Tagged as: The ex-factor<< Previous question   Next question >>
Question - (19 October 2009) 2 Answers - (Newest, 19 October 2009)
A female , anonymous writes:

my ex and i have been recently talking-0---i reached out a year later (he ended it but our problems didn't consist of anything that couldnt be changed)b/c i still had feelings and took a chance..well basically he said he can't just jump back to this which i agreed with and he said we will exchange calls and meet. We have been talking for over a month..it will be pretty much 2 months in november and i think its only been a couple of weeks or so that we sound more comfortable with each other and nicer on the phone...for the most part we have been taking turns calling and we will speak for hour, 45 minutes, some calls were even 2 hours so it seems like this is positive and he is interested it seems...

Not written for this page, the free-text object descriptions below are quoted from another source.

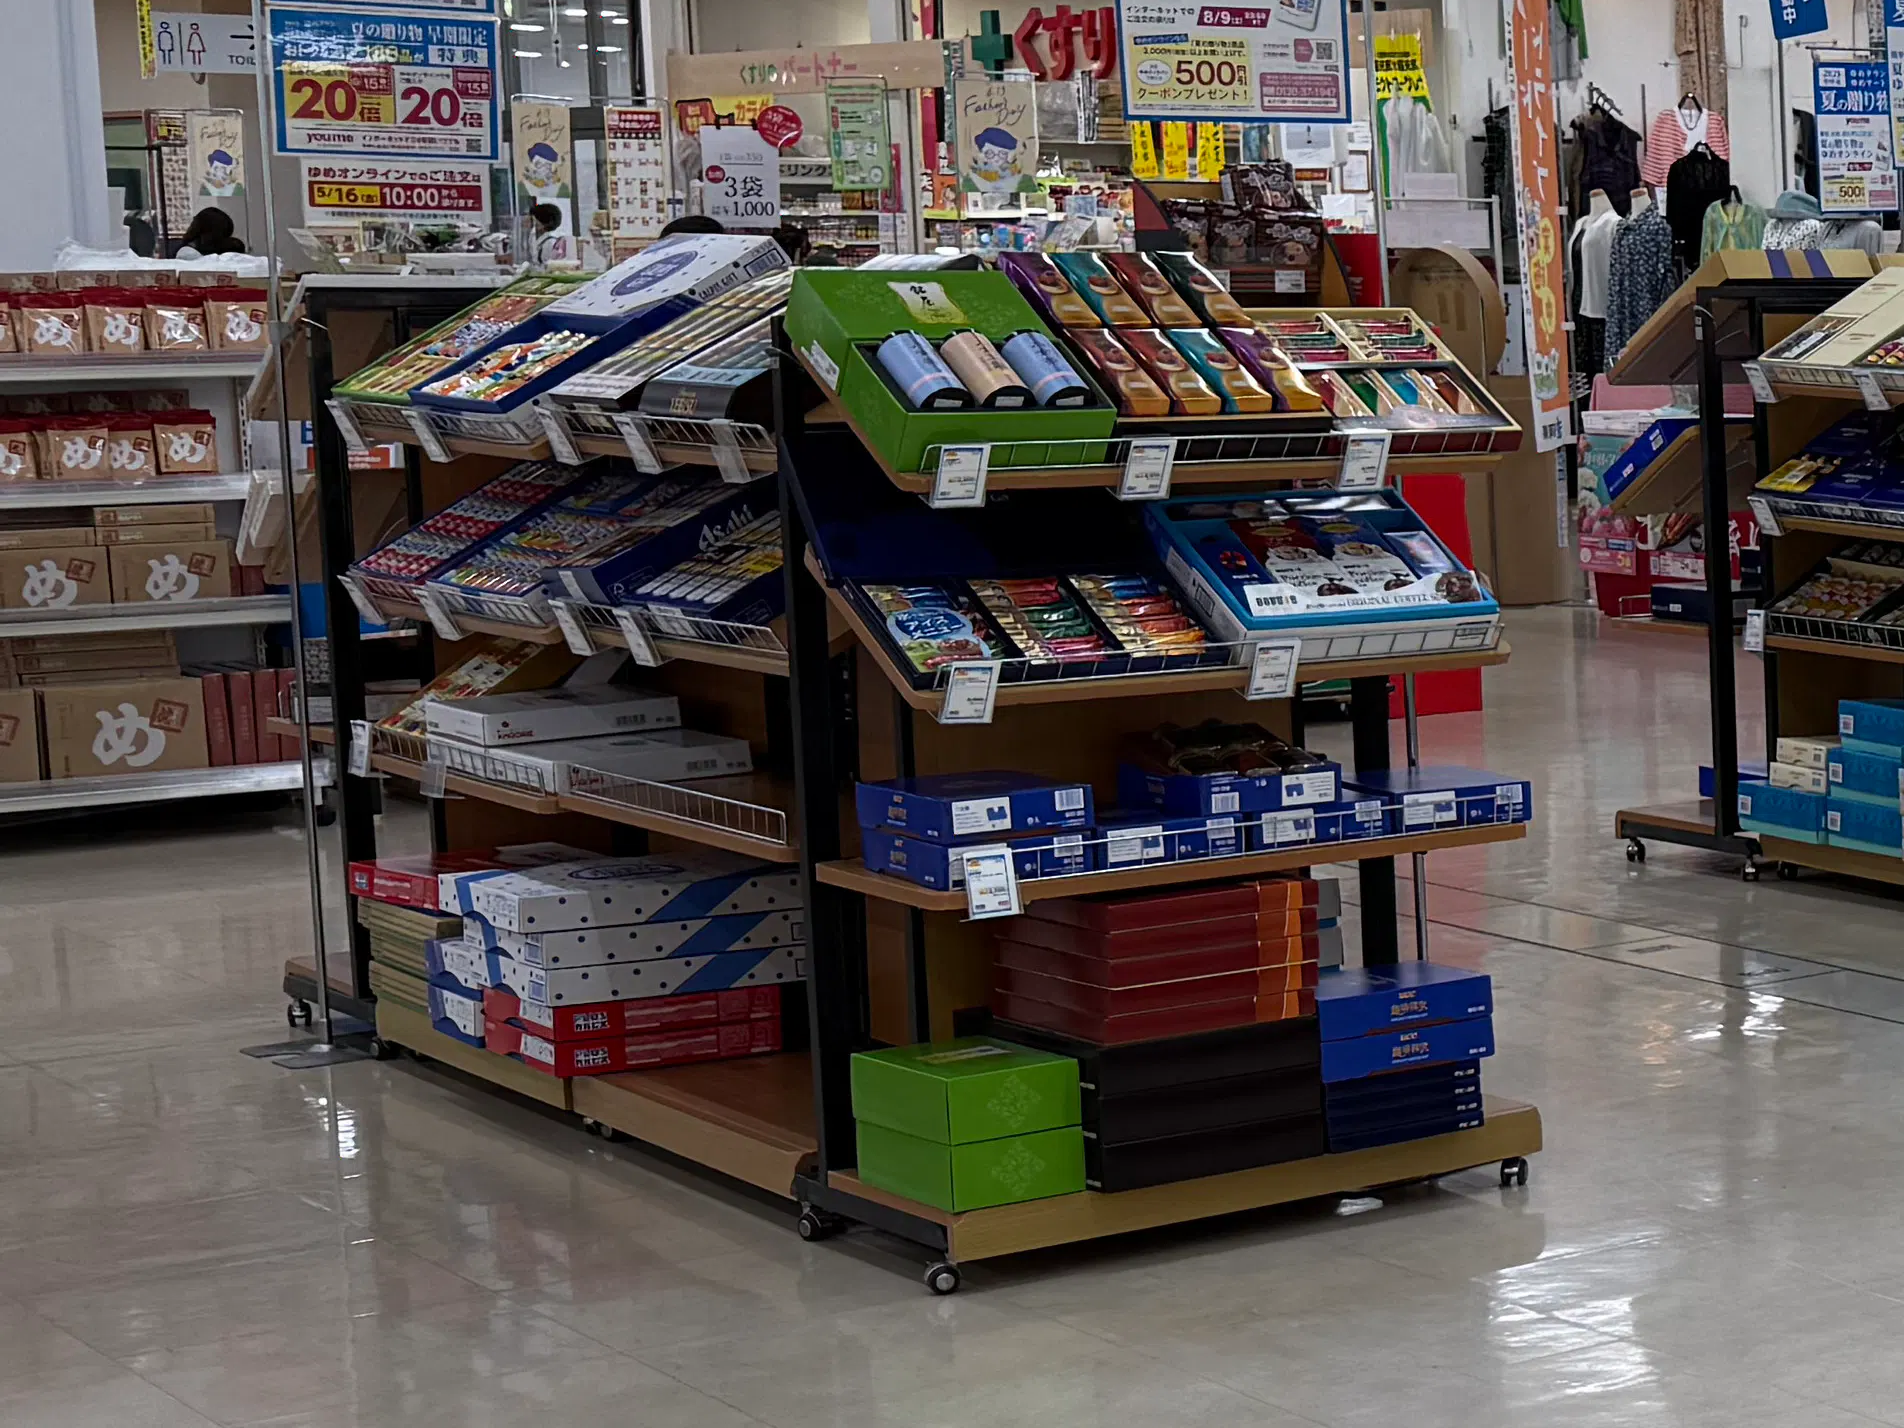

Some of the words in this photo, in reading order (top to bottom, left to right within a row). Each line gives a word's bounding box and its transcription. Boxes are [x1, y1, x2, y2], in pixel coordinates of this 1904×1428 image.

[427, 26, 488, 46] 早期限定
[1014, 4, 1116, 81] くすり
[1176, 60, 1237, 86] 500
[290, 78, 357, 121] 20
[359, 106, 382, 122] 倍
[401, 87, 460, 126] 20
[460, 112, 484, 128] 倍
[308, 166, 481, 183] ゆめオンラインでのご注文は
[724, 176, 763, 198] 3袋
[383, 188, 439, 207] 10:00
[22, 558, 78, 611] め
[145, 554, 200, 603] め
[92, 702, 167, 768] め

there is still no mention of us meeting and i am getting anxious thinking maybe i should bring it up and just ask do you think it would be a good idea to meet within the next month or so (so there is no pressure with me setting a date for next week or something) or just wait another 2 weeks when it will be 2 months of us talking and then possibly ask...i don't want to put pressure since it seems we are at an ok place and maybe by me not waiting another 2 weeks or not being patient might push him away .. but its also a little confusing and nervewracking b/c i want to see him already and also don't want him to suddenly meet someone else and then i lost my chance...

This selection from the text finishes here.